Branch-and-bound algorithm and heuristics for the 1D bin packing problem in Julia.
The branch-and-bound algorithm (BnB.jl
) follows the guidelines of Eilon and Christofides (1971) with
the addition of the L2 bound presented by Marthelo and Toth and minimal cover cuts. The algorithm was
tested on one instance of the bin packing problem considered in E. Falkenauer (1994) "A Hybrid Grouping
Genetic Algorithm for Bin Packing". This data file is binpack1 and was contributed by E. Falkenauer.

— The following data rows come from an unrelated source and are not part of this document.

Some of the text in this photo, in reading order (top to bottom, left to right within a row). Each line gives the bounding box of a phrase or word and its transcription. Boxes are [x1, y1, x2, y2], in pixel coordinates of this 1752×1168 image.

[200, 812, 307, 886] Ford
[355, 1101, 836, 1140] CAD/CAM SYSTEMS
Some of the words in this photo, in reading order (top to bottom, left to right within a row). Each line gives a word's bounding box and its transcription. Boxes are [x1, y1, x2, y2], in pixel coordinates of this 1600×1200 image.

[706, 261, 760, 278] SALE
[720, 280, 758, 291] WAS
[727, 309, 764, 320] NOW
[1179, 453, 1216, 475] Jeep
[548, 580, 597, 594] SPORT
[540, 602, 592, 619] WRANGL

The format of this data file is as follows:
- Number of test problems (P)
- For each test problem (p=1,...,P) in turn:
- Problem identifier
- Bin capacity, Number of items (n), Number of bins in the current best known solution
- For each item i (i=1,...,n): size of the item
There are also instances used by A. Scholl, R. Klein, and C. Jürgens in Bison: a fast hybrid procedure
for exactly solving the one-dimensional bin packing problem. Those instances were compiled into data
files in the same format as the data files considered by E. Falkenauer. Basically, all instances with
the same characteristics were put into single data files with script.py
(e.g. N1C1W1_A, N1C1W1_B, ... N1C1W1_T were put
into the data file N1C1W1). The instances chosen are all from the set 'Scholl 1', a set of 720,
uniformly distributed instances with n between 50 and 500. The capacity C is between 100 and 150 (set ‘Scholl 1’).

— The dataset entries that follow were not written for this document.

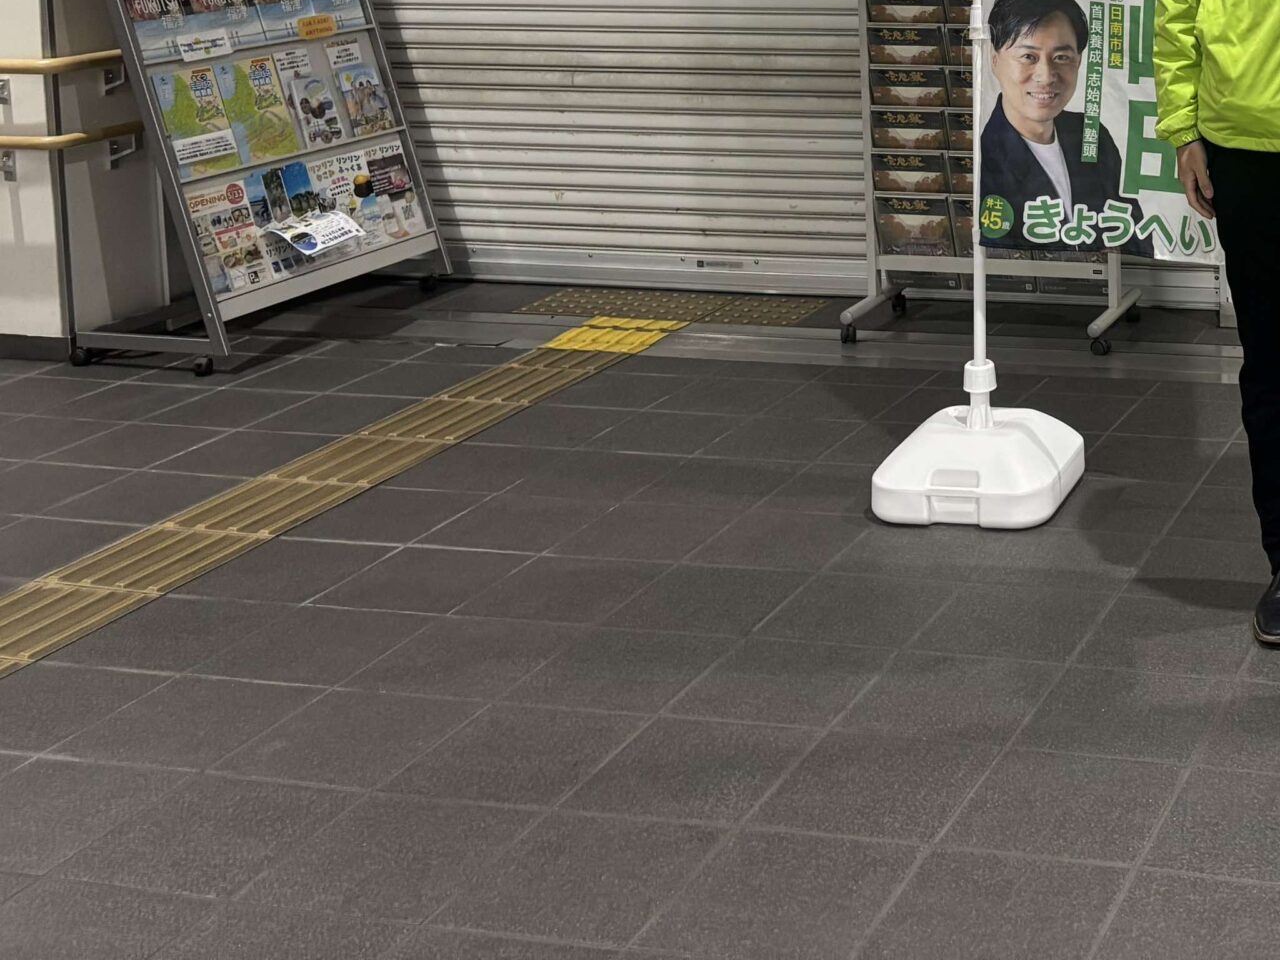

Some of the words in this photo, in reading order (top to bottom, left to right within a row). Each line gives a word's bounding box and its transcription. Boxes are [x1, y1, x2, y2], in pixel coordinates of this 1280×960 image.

[189, 193, 227, 210] OPENING
[1023, 196, 1214, 254] きょうへい
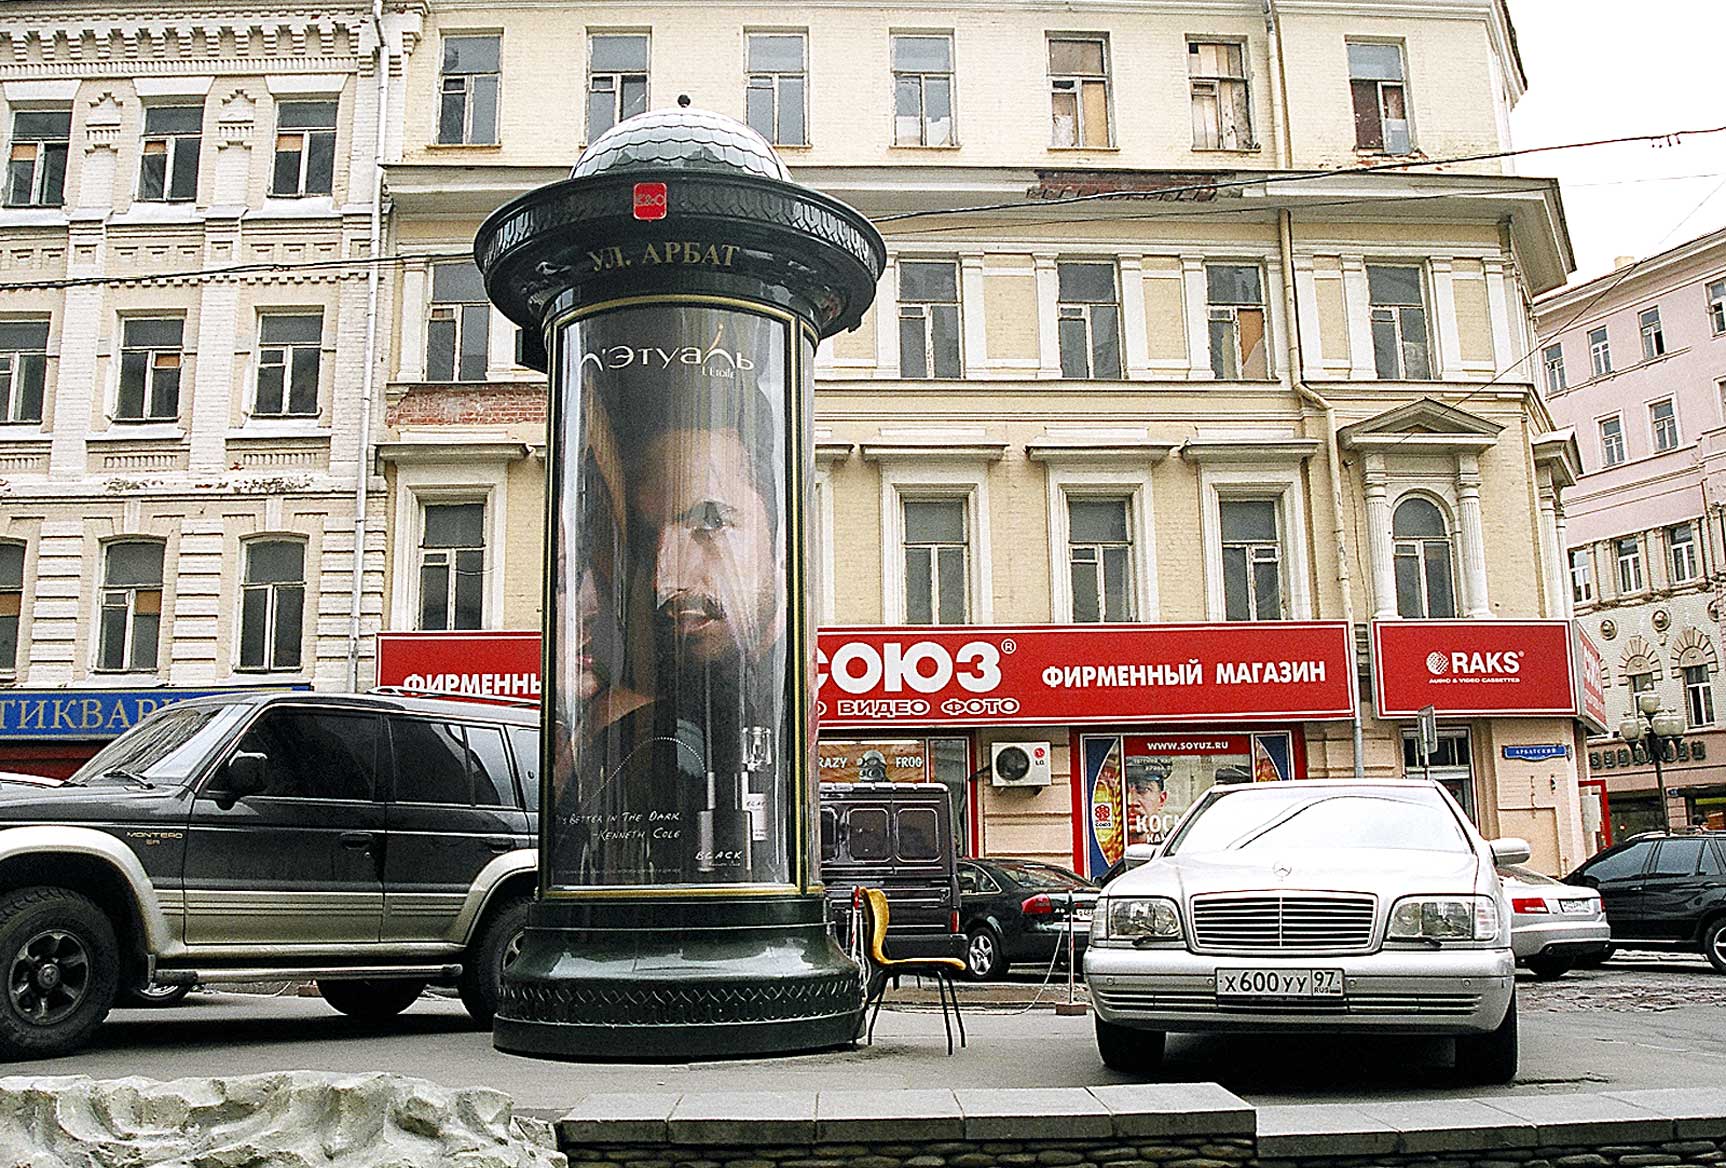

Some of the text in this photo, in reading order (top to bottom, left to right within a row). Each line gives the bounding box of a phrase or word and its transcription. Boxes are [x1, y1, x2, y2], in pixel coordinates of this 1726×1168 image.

[587, 241, 741, 272] УЛ. АРБАТ
[1451, 651, 1521, 674] RAKS
[1041, 658, 1327, 688] ФИРМЕННЫЙ МАГАЗИН
[0, 698, 187, 730] ТИКВАР
[837, 699, 931, 718] ВИДЕО
[940, 698, 1021, 715] ФОТО
[1147, 740, 1229, 751] WWW.SOYUZ.RU
[895, 756, 923, 768] FROG
[622, 811, 643, 823] THE
[648, 810, 680, 822] DARK
[127, 831, 183, 839] MONTERO
[695, 850, 743, 861] BLACK
[1314, 971, 1335, 987] 97
[1314, 986, 1329, 994] RUS

The names of the data files are self-explanatory : Nx is the number of items (we have N1 = 50, N2 = 100, N3 = 200),
Cx is the capacity of the bins (C1 = 100, C2 = 120, C3 = 150), etc.
Please note that, according to Eilon and Christofides reported computational results, the branch-and-bound (BnB) algorithm implemented here can only solve small-size instances in a reasonable time. Having that issue in mind, a timeout functionality was added to the BnB.